I like those switches and the sleeving looks great too.  BTW, somebody is catching up to you on votes.  2395 vs 2206 currently.  One day left to vote, it's gonna be a close call, but I think you've got it.

edit:  Two people catching up actually.  2395 vs 2255, vs 2206


----------



## l3p (May 28, 2011)

China has a lot of people


----------



## l3p (May 29, 2011)

Here a movie with the noise the desk creates while gaming  








Don't forget to leave a vote 
http://casemod2011.coolermaster.com/profile.php?u=37&c=2


----------



## sneekypeet (May 29, 2011)

I was about to call shenanigans that there was even audio running in that clip until I hear the zoom of the camera moving. The coin toss really put things in perspective.
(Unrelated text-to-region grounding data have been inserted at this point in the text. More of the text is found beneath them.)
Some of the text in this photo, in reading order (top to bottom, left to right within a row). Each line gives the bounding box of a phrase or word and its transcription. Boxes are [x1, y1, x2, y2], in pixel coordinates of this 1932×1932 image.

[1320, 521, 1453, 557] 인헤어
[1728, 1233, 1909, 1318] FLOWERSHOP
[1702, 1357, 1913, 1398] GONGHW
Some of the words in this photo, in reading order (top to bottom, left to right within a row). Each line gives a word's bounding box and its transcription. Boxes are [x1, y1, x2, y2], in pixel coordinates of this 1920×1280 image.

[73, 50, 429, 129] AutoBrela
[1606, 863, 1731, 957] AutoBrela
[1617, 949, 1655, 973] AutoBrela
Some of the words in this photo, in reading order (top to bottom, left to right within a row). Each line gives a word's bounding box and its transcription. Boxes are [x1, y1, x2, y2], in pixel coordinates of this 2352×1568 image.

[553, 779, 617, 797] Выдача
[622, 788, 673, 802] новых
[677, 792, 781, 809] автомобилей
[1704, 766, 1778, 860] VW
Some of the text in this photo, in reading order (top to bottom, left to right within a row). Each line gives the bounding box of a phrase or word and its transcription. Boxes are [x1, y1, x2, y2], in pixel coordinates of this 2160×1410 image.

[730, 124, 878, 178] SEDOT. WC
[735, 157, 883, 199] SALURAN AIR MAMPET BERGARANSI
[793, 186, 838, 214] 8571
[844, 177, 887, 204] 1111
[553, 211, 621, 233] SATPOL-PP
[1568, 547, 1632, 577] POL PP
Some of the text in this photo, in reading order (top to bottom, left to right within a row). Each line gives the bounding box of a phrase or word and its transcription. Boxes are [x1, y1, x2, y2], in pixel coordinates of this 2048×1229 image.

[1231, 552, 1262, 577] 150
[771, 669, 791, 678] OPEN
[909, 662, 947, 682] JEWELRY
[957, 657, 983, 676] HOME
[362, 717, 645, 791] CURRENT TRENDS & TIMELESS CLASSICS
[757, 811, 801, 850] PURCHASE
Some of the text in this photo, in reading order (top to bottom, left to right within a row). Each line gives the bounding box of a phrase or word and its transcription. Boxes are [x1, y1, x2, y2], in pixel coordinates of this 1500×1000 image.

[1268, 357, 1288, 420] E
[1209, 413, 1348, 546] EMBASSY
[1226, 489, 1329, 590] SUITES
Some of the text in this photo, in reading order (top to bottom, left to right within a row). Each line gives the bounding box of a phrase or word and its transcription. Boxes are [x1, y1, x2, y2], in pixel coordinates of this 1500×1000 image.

Excellent temperatures as well.


----------



## l3p (May 29, 2011)

Thanks man !


----------



## theJesus (May 29, 2011)

Voting ends sometime today and top 3 are very close right now, with L3p D3sk in the lead.

2414 > 2395 > 2256

If you haven't voted yet, then HTFU and vote!


----------



## l3p (May 29, 2011)

Lol, thanks man 

SERAPH will win with the votes, im sure


----------



## theJesus (May 29, 2011)

I don't know . . . you just jumped up another 12 votes lol

edit:  I can't count lol.  I meant 7 votes >.>


----------



## [H]@RD5TUFF (May 29, 2011)

Absolutely amazing, really have to say you have taken desk to new levels of WIN!


----------



## -FOG- (May 29, 2011)

No matter what the outcome of this competition is, L3P is the winner IMO.   L3P FTW !!!


----------



## arnoo1 (May 29, 2011)

*voted!!*

voted man, great build!! love it


----------



## theJesus (May 29, 2011)

Well, Seraph has taken the lead by a few hundred votes now 

However, I noticed this in the rules


> Winners are selected based on:
> 30%: Public votes
> 70%: Ratings from Cooler Master appointed judges and based on the following criteria:
> 
> ...


I'm so anxious to see who wins, you'd think I had an entry in the competition lol


----------



## l3p (May 29, 2011)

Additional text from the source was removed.